Items from a data source:
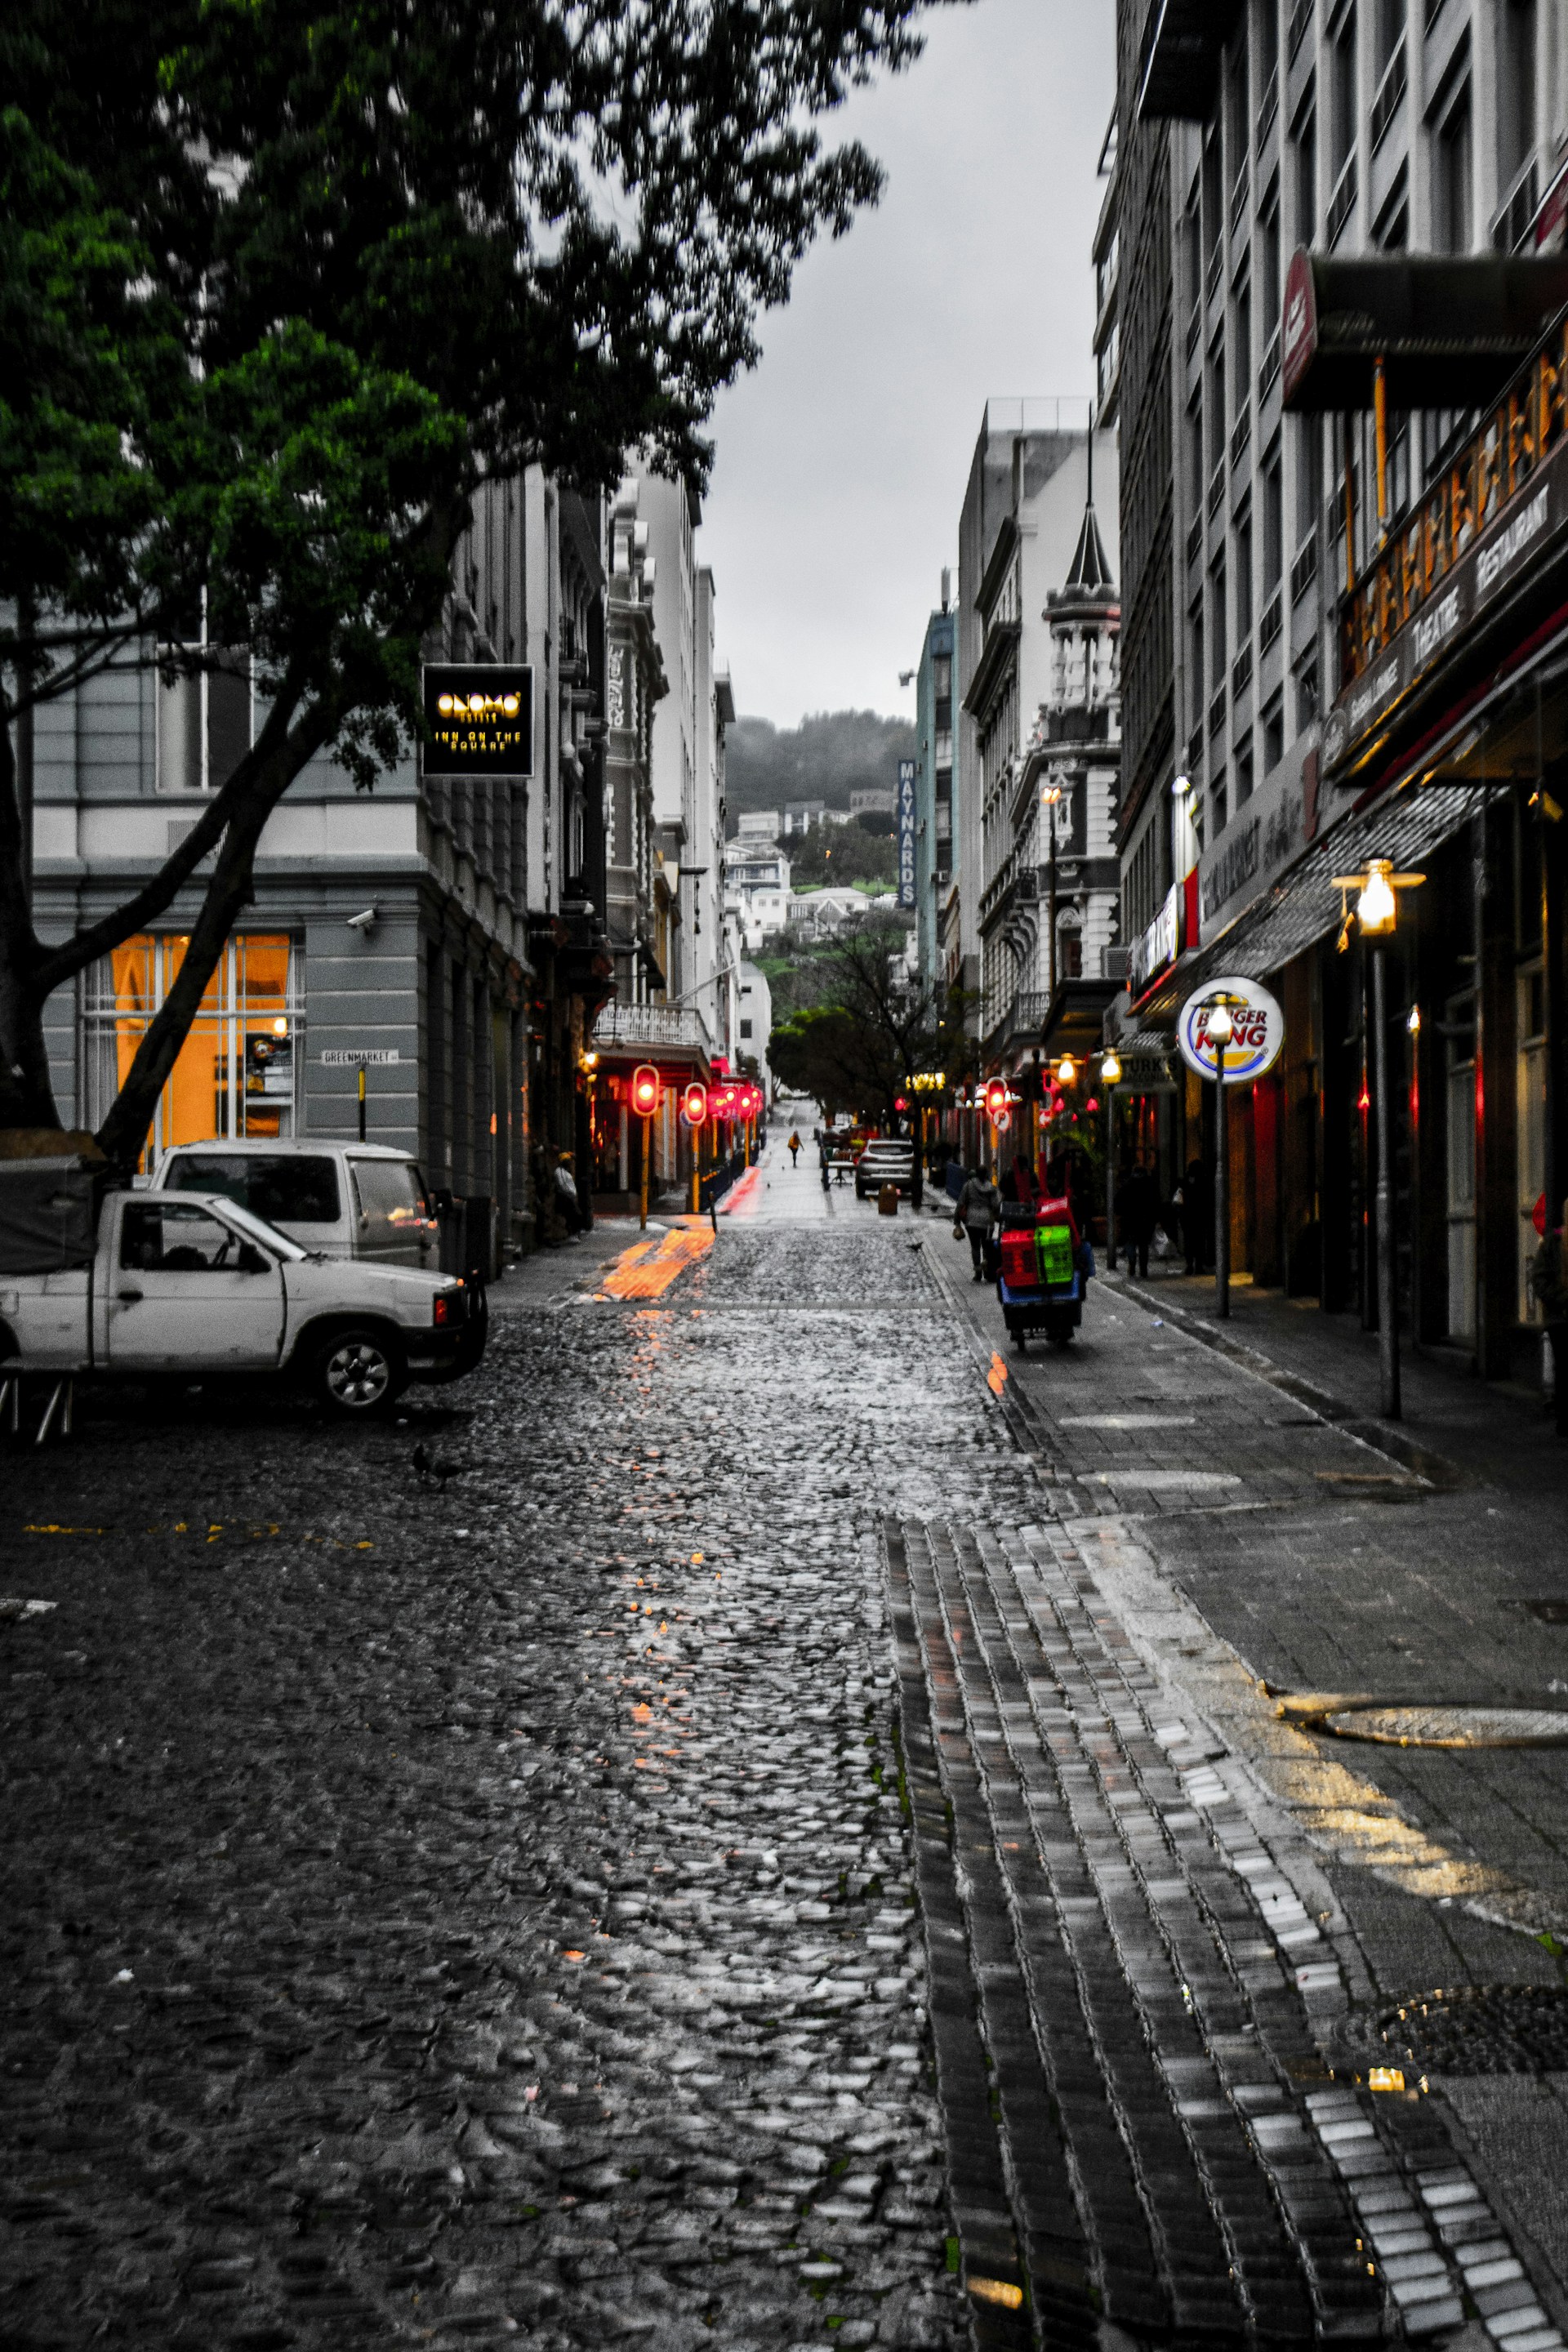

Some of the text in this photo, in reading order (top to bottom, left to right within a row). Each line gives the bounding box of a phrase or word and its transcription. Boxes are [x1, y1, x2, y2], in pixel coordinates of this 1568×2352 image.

[1412, 585, 1459, 664] THEATRE
[1477, 483, 1550, 595] RESTAURANT
[438, 693, 520, 719] ONOMO
[434, 732, 520, 743] INN ON THE
[451, 742, 506, 752] SQUARE
[901, 763, 914, 902] MAYNARDS
[1195, 1025, 1267, 1051] KNG
[325, 1051, 389, 1062] GREENMARKET
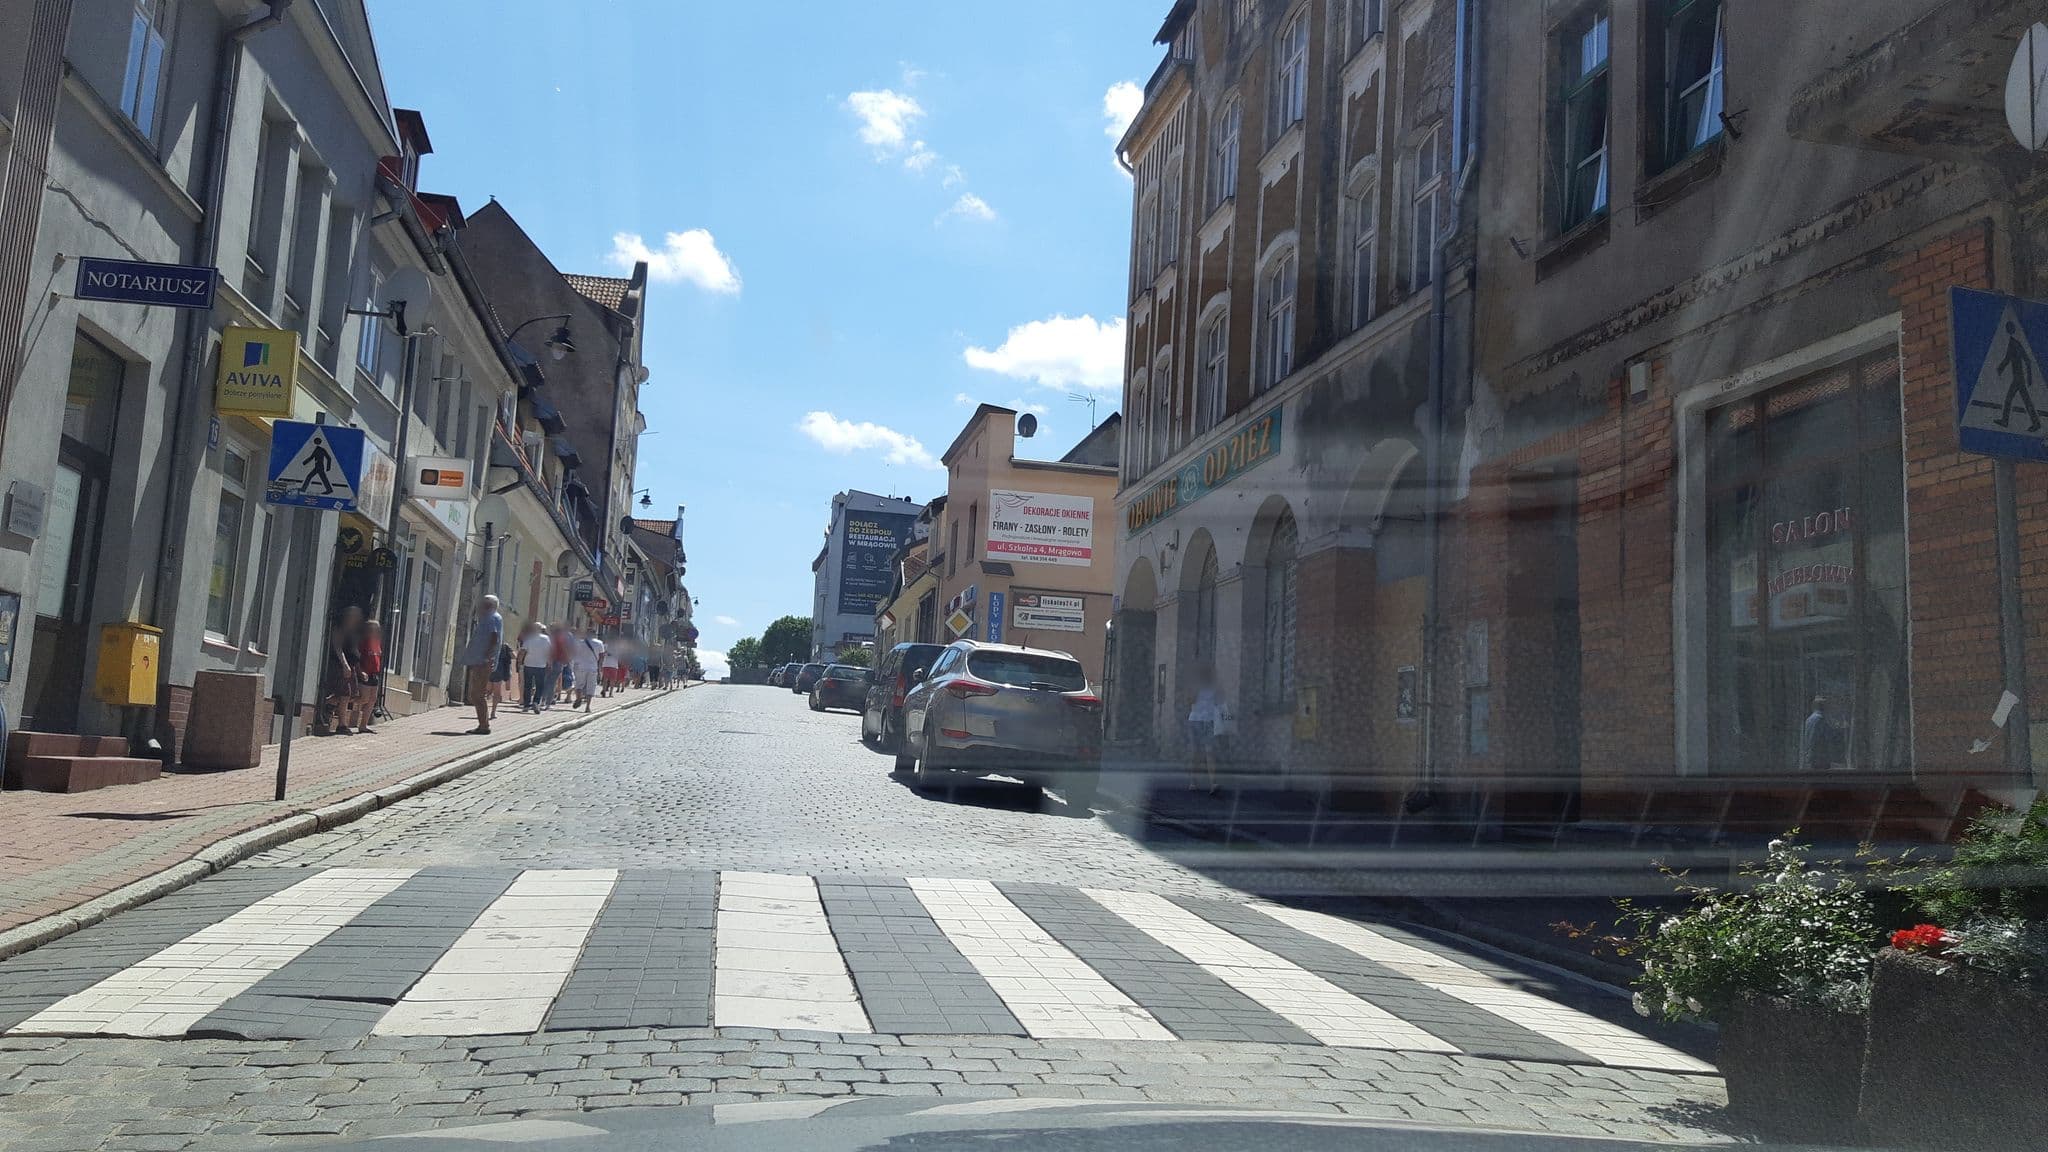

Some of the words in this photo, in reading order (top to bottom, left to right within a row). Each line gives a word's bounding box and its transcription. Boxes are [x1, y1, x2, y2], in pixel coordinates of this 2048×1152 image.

[87, 271, 206, 295] NOTARIUSZ
[226, 372, 282, 388] AVIVA
[1128, 475, 1178, 531] OBUWIE
[1023, 506, 1060, 518] DEKORACJE
[1061, 510, 1090, 520] OKIENNE
[862, 528, 892, 536] ZESPOŁU
[992, 521, 1019, 532] FIRANY
[1024, 523, 1056, 535] ZASŁONY
[1062, 527, 1089, 537] ROLETY
[1772, 507, 1853, 543] SALON
[848, 533, 896, 543] RESTAURACJI
[857, 540, 897, 549] MRĄGOWIE
[1008, 544, 1038, 553] Szkolna
[1048, 548, 1082, 557] Mrągowo
[1768, 563, 1856, 597] MEBLOWY

THE PROBLEM
Every entry above is to be transcribed exactly, with all pictures left out.

SOLUTION FOR THIS EXERCISE
Some of the text in this photo, in reading order (top to bottom, left to right within a row). Each line gives the bounding box of a phrase or word and its transcription. Boxes are [x1, y1, x2, y2], in pixel coordinates of this 1568×2352 image.

[1412, 585, 1459, 664] THEATRE
[1477, 483, 1550, 595] RESTAURANT
[438, 693, 520, 719] ONOMO
[434, 732, 520, 743] INN ON THE
[451, 742, 506, 752] SQUARE
[901, 763, 914, 902] MAYNARDS
[1195, 1025, 1267, 1051] KNG
[325, 1051, 389, 1062] GREENMARKET

Some of the words in this photo, in reading order (top to bottom, left to right within a row). Each line gives a word's bounding box and its transcription. Boxes are [x1, y1, x2, y2], in pixel coordinates of this 2048×1152 image.

[87, 271, 206, 295] NOTARIUSZ
[226, 372, 282, 388] AVIVA
[1128, 475, 1178, 531] OBUWIE
[1023, 506, 1060, 518] DEKORACJE
[1061, 510, 1090, 520] OKIENNE
[862, 528, 892, 536] ZESPOŁU
[992, 521, 1019, 532] FIRANY
[1024, 523, 1056, 535] ZASŁONY
[1062, 527, 1089, 537] ROLETY
[1772, 507, 1853, 543] SALON
[848, 533, 896, 543] RESTAURACJI
[857, 540, 897, 549] MRĄGOWIE
[1008, 544, 1038, 553] Szkolna
[1048, 548, 1082, 557] Mrągowo
[1768, 563, 1856, 597] MEBLOWY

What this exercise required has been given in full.